Disconnection

Posted by Jacinta Hin on August 1, 2008

In the train the other day I observed a somewhat disturbing scene between a man and a woman. She, red-eyed and teary, was looking for his attention to which he was completely unresponsive. He was slightly turned away from her and had his eyes closed.

Perhaps they had recently broken up, or she had just received some bad news. She seemed desperate and in need of sympathy and love. He merely seemed tired and enjoying an afternoon nap.

His lack of empathy was painful to watch. Only because she continued to seek a reaction from him, I knew they were together. In all other ways they looked like complete strangers.

Roaming the train I noticed more people oblivious of the person they were with, not showing any sign of acknowledgment of each others existence. When it was their stop to get off the train, a little nod or a single word betrayed almost by accident a connection, but once on the platform they would quickly return to their disengaged mode.

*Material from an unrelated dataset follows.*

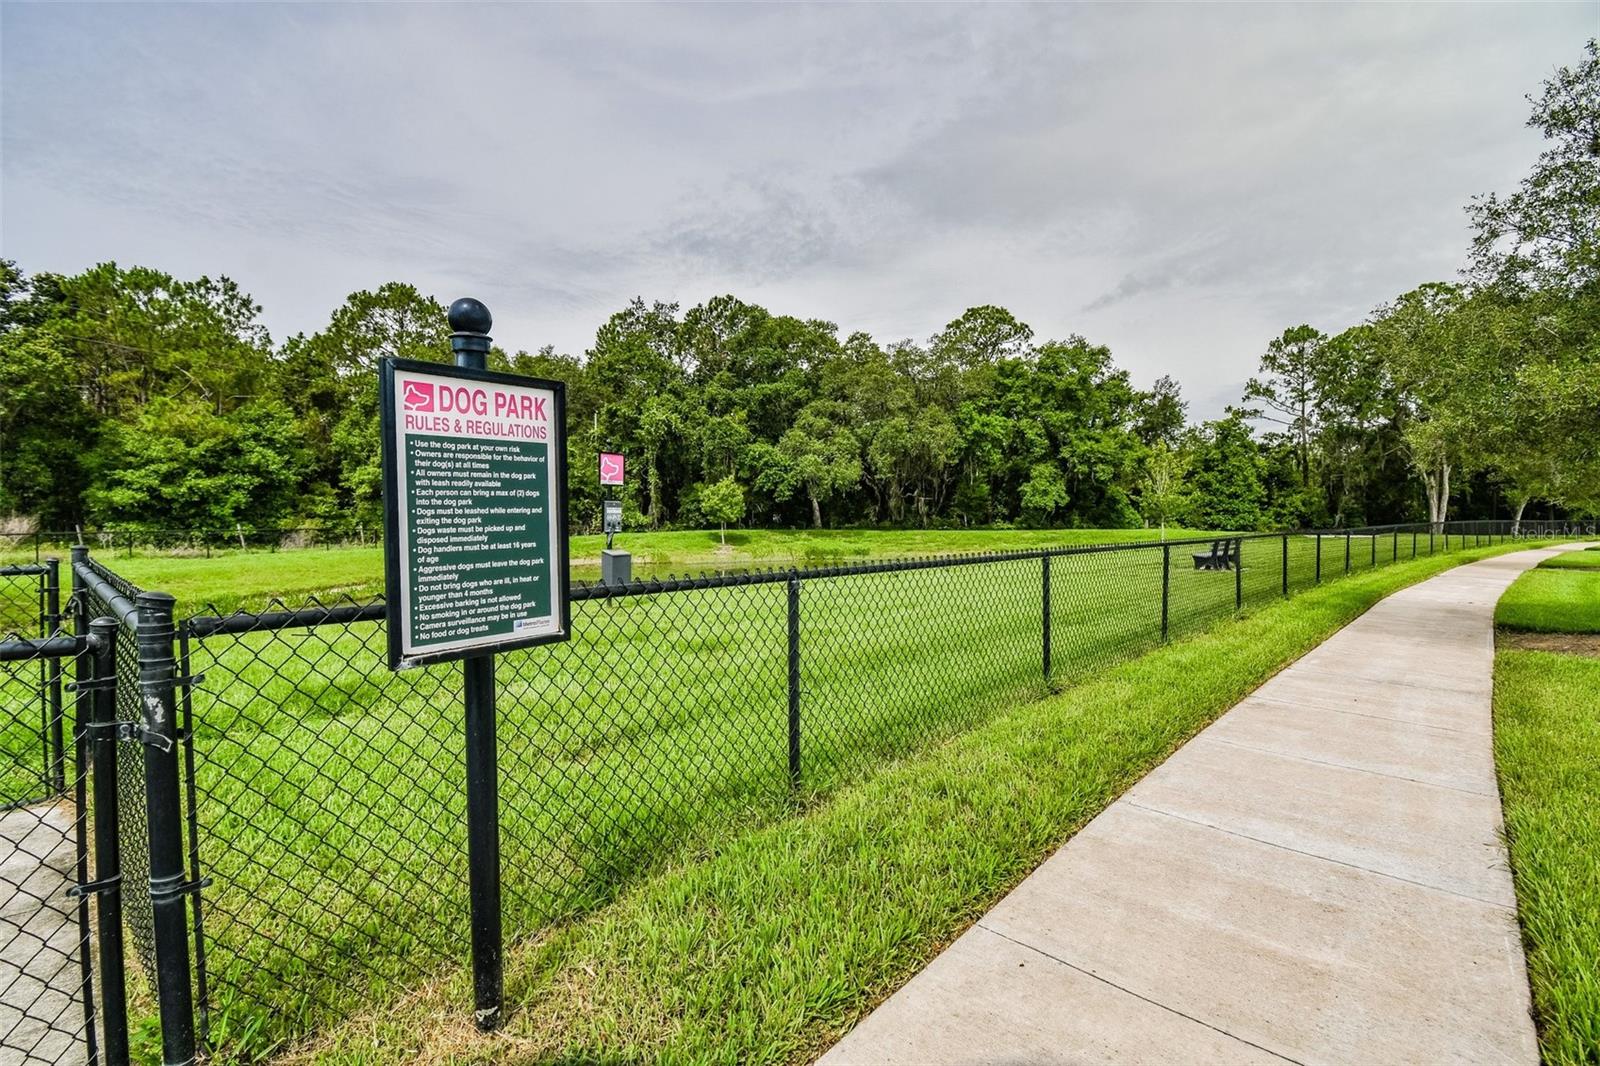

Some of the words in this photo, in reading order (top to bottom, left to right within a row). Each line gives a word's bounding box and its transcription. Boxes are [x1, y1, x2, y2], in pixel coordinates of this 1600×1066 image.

I see this lack of connection between people everyday. Customers unaware of the feelings of those who serve them, teammates not being on the same line, managers apathetic of their staff’s perspective, couples refusing to hear what the other person is saying.

Disconnection often starts with a self-centered look at things, a sense of righteousness about one’s own beliefs. This often makes us dismissive of other people’s feelings and experiences. Introverts (like me) are sometimes so inwardly focused that they no longer see the world around them, which can make them ignorant of others.

Before we know it, we are indifferent, uninterested and, as a result, disconnected. We operate on different wavelengths, go in different directions.

Yet human beings (and anything else on the planet) are connected by default. We are really never completely disconnected. It is the quality that impacts us and everything around us positively or negatively.

By denying her even the smallest sign of acknowledgment the man in the train possibly destroyed something in his companion, while he could easily have comforted her with a little smile or some other loving gesture.

We are often unaware of how the way we connect influences others. We think our behavior is our own business (and right) and fail (refuse) to take responsibility for any repercussions that it may cause.

Even the slightest effort on our side to pay more attention to our daily interactions can make a world of difference. All it takes is willingness and awareness.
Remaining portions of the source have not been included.